Problem details:
Leaving out the pictures, reproduce each record exactly and in full.

-- Data to process follows --

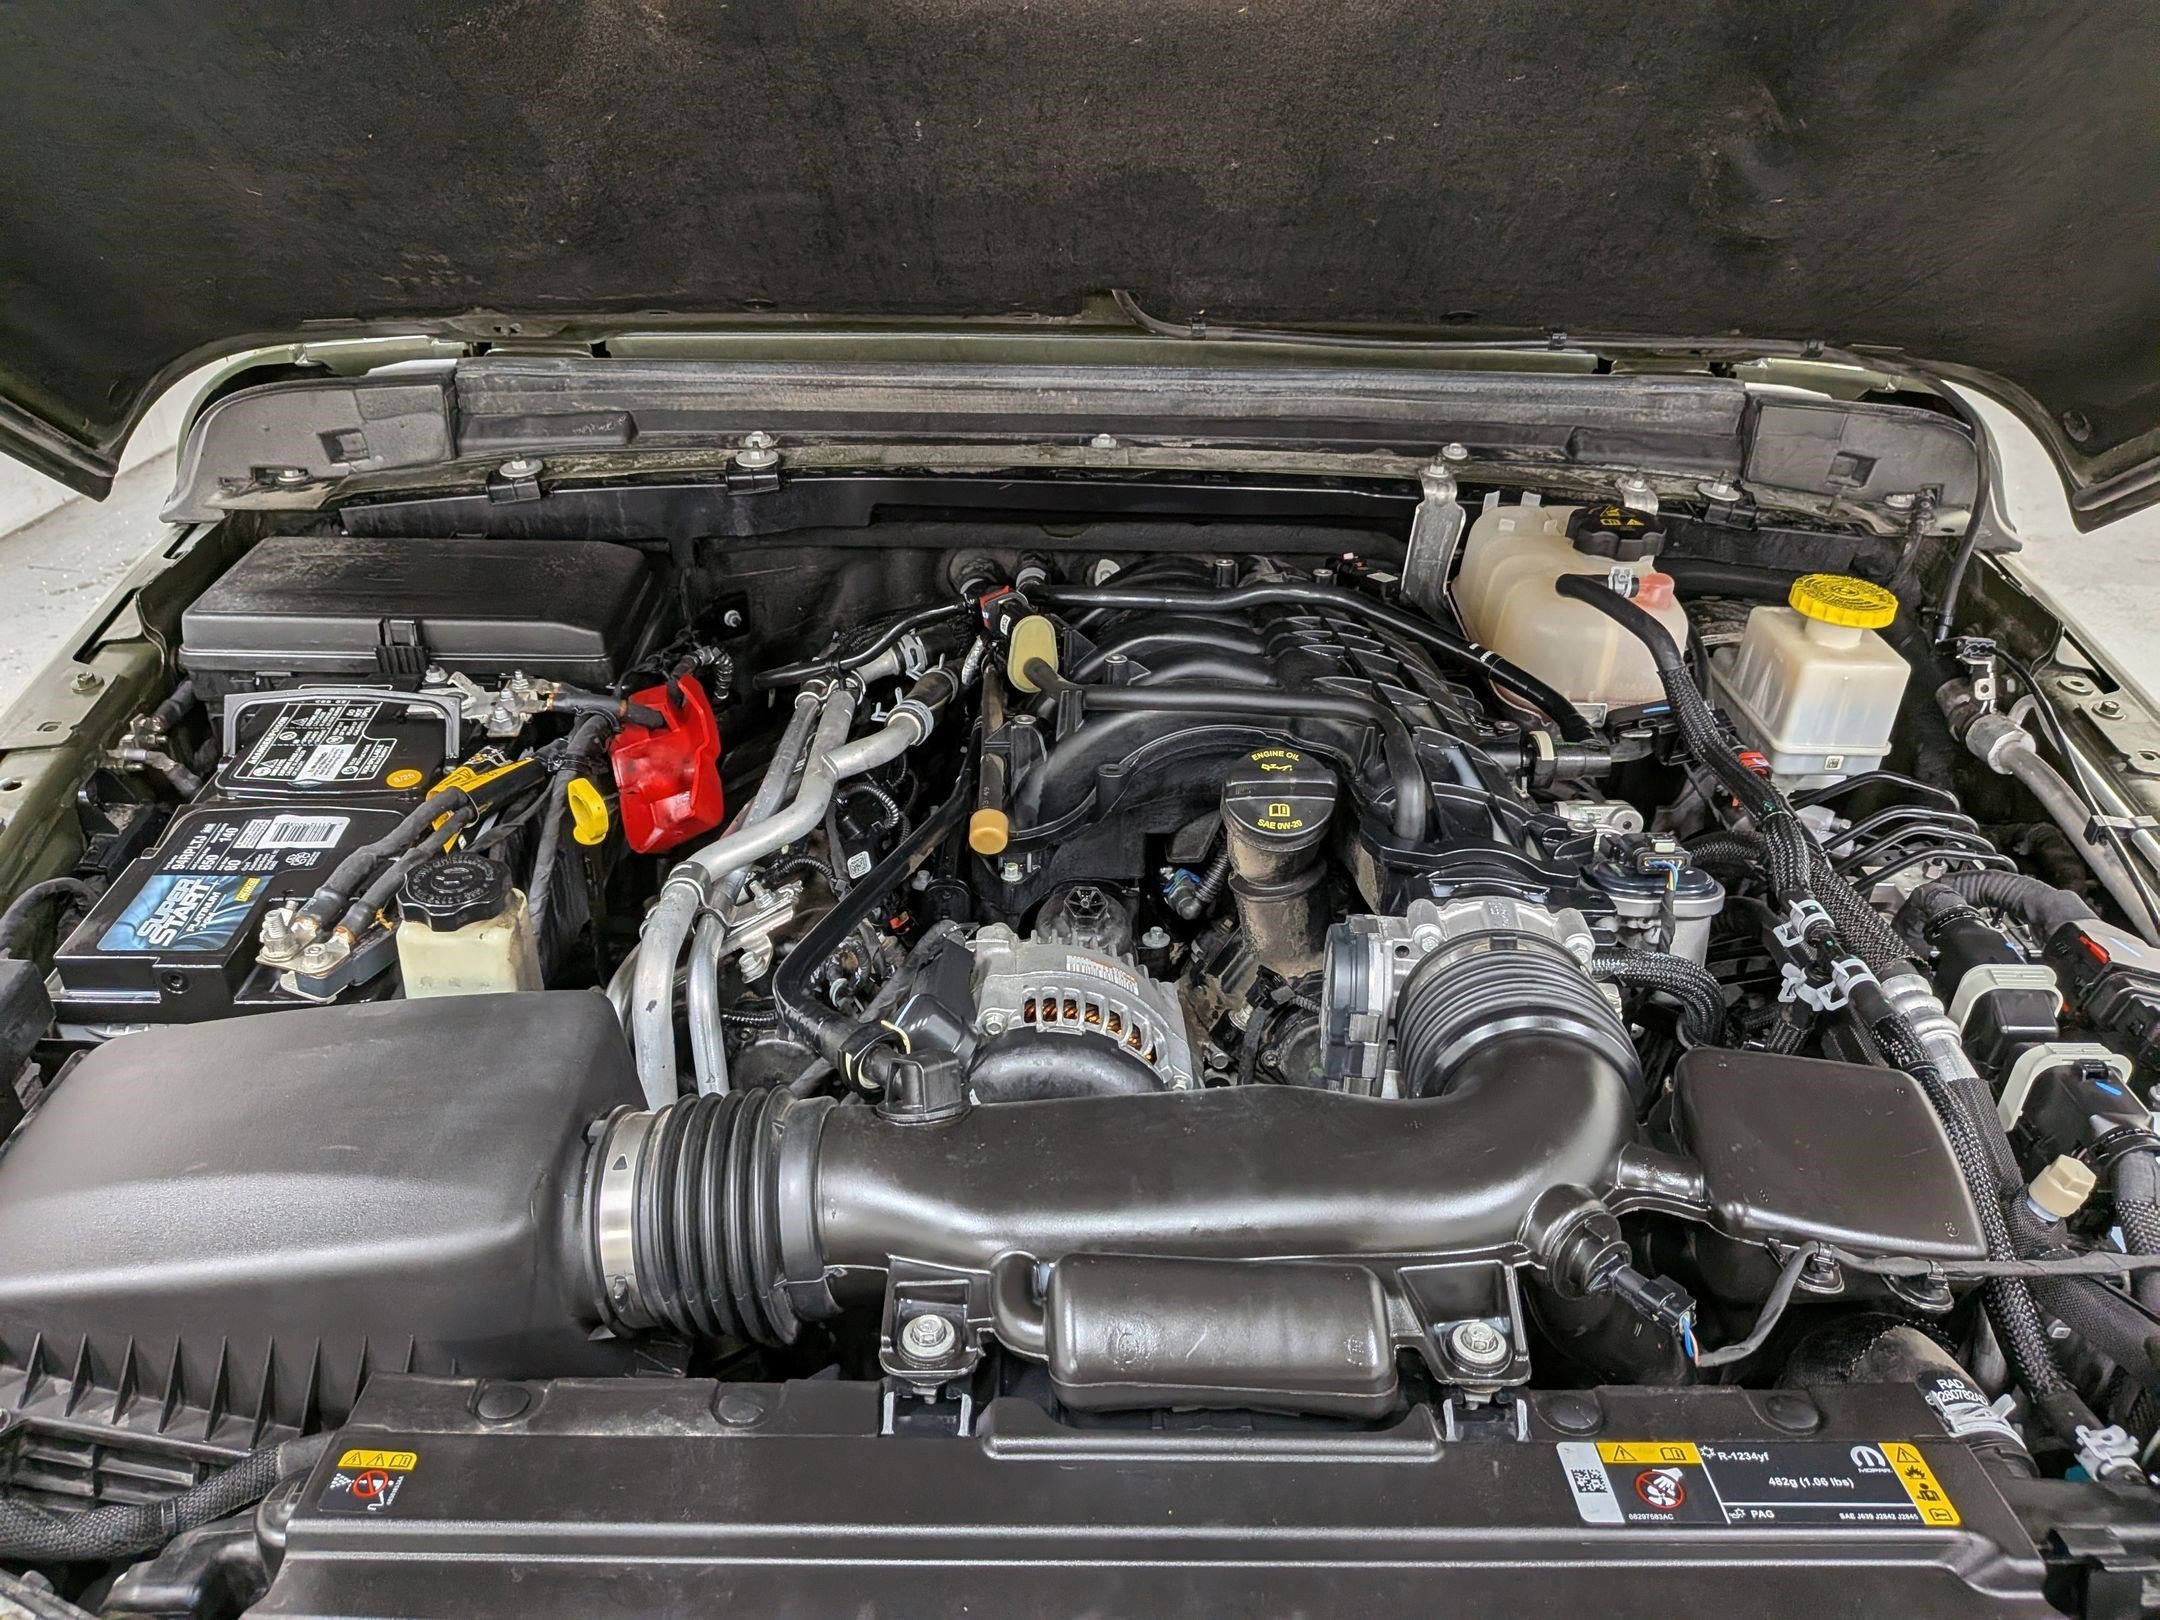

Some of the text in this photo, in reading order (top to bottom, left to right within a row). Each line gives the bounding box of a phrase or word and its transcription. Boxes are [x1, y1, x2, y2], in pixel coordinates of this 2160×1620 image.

[1251, 750, 1300, 761] ENGINE OIL
[1257, 818, 1303, 830] SAE 0W-20
[219, 827, 239, 843] 140
[171, 835, 207, 870] 94RPLTJ
[199, 854, 219, 871] 850
[225, 859, 242, 871] 80
[137, 879, 195, 937] SUPER
[148, 879, 210, 947] START
[185, 891, 222, 932] PLATINUM
[1936, 1379, 1965, 1389] RAD
[1925, 1389, 1989, 1406] 6280782AD
[1717, 1452, 1769, 1463] R-1234yf
[1768, 1477, 1854, 1489] 482g (1.06 lbs)
[1751, 1510, 1775, 1519] PAG
[1839, 1512, 1856, 1520] SAE

-- Data to process concluded --

Answer space:
Some of the text in this photo, in reading order (top to bottom, left to right within a row). Each line gives the bounding box of a phrase or word and its transcription. Boxes are [x1, y1, x2, y2], in pixel coordinates of this 2160×1620 image.

[1251, 750, 1300, 761] ENGINE OIL
[1257, 818, 1303, 830] SAE 0W-20
[219, 827, 239, 843] 140
[171, 835, 207, 870] 94RPLTJ
[199, 854, 219, 871] 850
[225, 859, 242, 871] 80
[137, 879, 195, 937] SUPER
[148, 879, 210, 947] START
[185, 891, 222, 932] PLATINUM
[1936, 1379, 1965, 1389] RAD
[1925, 1389, 1989, 1406] 6280782AD
[1717, 1452, 1769, 1463] R-1234yf
[1768, 1477, 1854, 1489] 482g (1.06 lbs)
[1751, 1510, 1775, 1519] PAG
[1839, 1512, 1856, 1520] SAE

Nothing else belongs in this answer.